Posted November 12, 2010 by M.H. Williams

A sale of assets notice posted by Gerbsman Partners, an asset liquidation firm, is offering up Emergent Technologies’ assets to the highest bidder. These assets include full control of the company’s middleware engine, Gamebryo Lightspeed.

The private company secured $40 million in financing, but has posted negative earnings every year since 2005. Audited revenue for fiscal year of 2009 came to $12 million, with $6.9 million in revenue for 2010 so far.

In mid-September, Emergent announced a deal to merge with troubled development house Krome Studios. Unfortunately, Krome completely shut down only a month later, completely halting the deal.

Emergent lists a number of large publishers as its clients, including Electronic Arts, Activision, Ubisoft, Sony, Bethesda, 2K, Atari, Disney, Tencent, Shanda, TheNine, NineYou, NC Soft, Kingsisle, EA Mythic, and Trion. THQ just signed a deal in August to use the Gamebryo Lightspeed engine in an undisclosed number of titles. Junction Point’s Epic Mickey, scheduled for release later this month, also used the engine. The company touts over 100 projects currently in development using Lightspeed.

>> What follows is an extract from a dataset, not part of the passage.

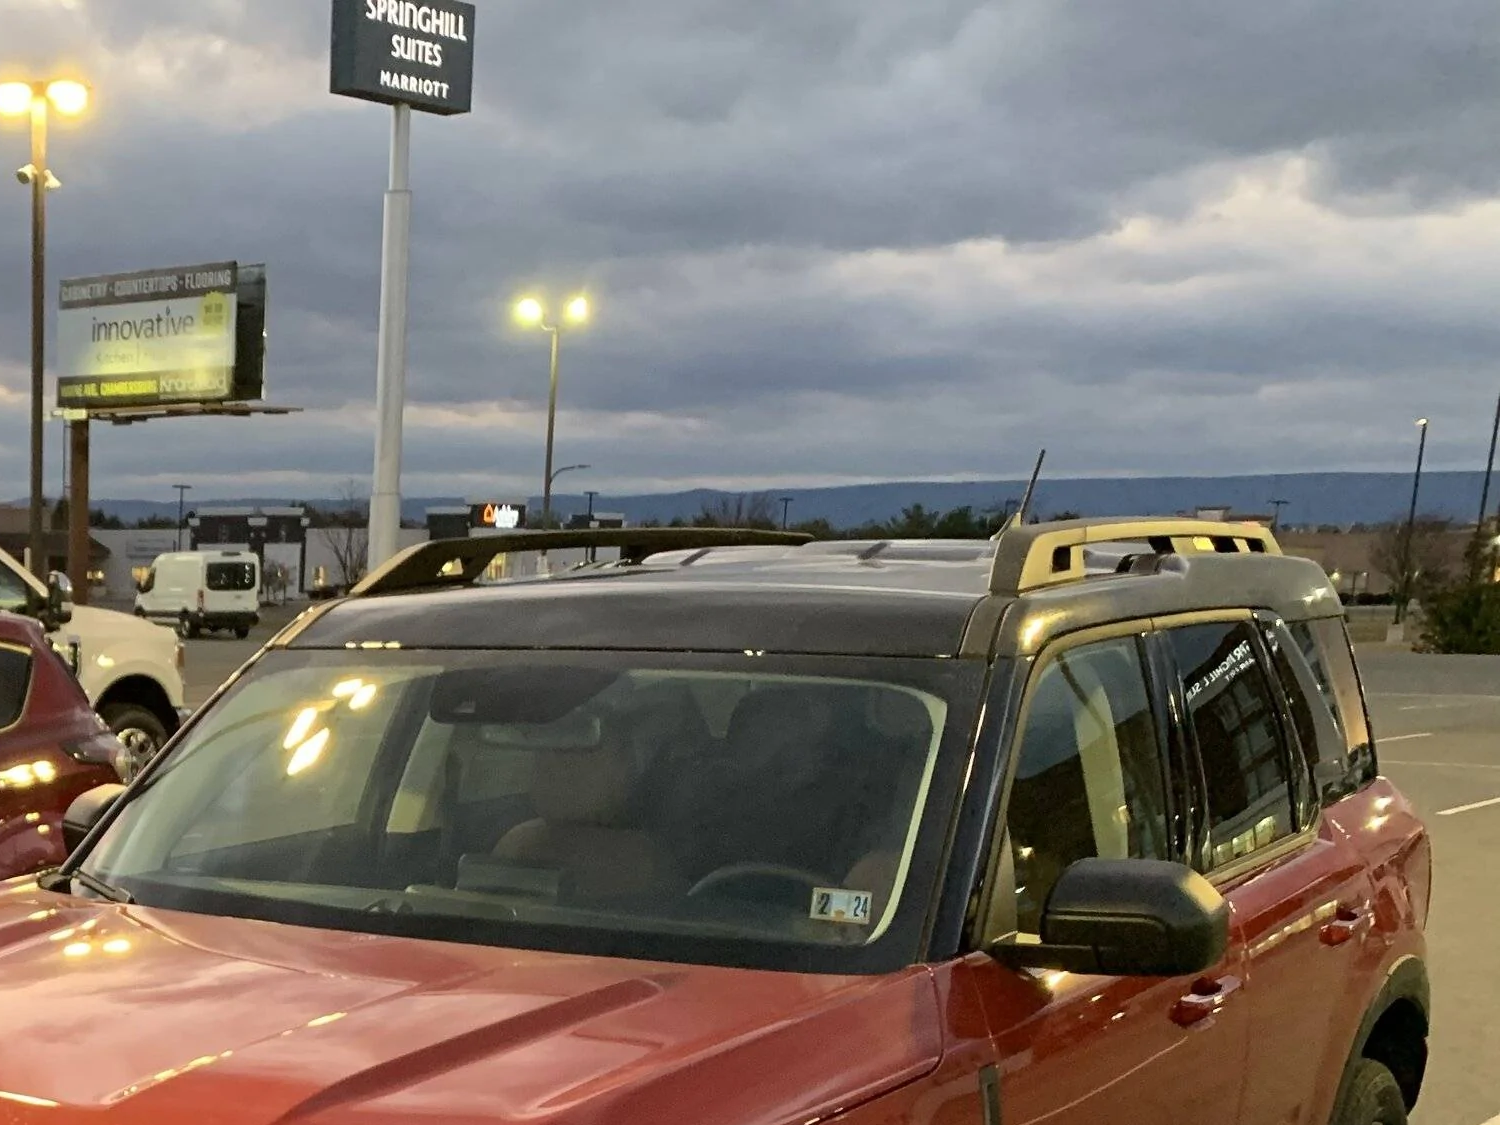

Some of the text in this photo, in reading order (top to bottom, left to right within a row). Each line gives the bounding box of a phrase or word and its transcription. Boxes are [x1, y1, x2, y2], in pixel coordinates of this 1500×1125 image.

It's been a strange week for the middleware sector, as now both Gamebryo and Torque are in need of buyers. Perhaps a larger engine company like Epic or Unity will snatch them up?

Update: The blog of programmer Vincent Scheib, a former software architect at Emergent, has a few more details.

M.H. Williams has been writing in some form or another for ten years and has been a hardcore gamer since the NES first graced American shores.  You can catch him on Twitter as @AutomaticZen, Google+ as himself, or on his personal Facebook page.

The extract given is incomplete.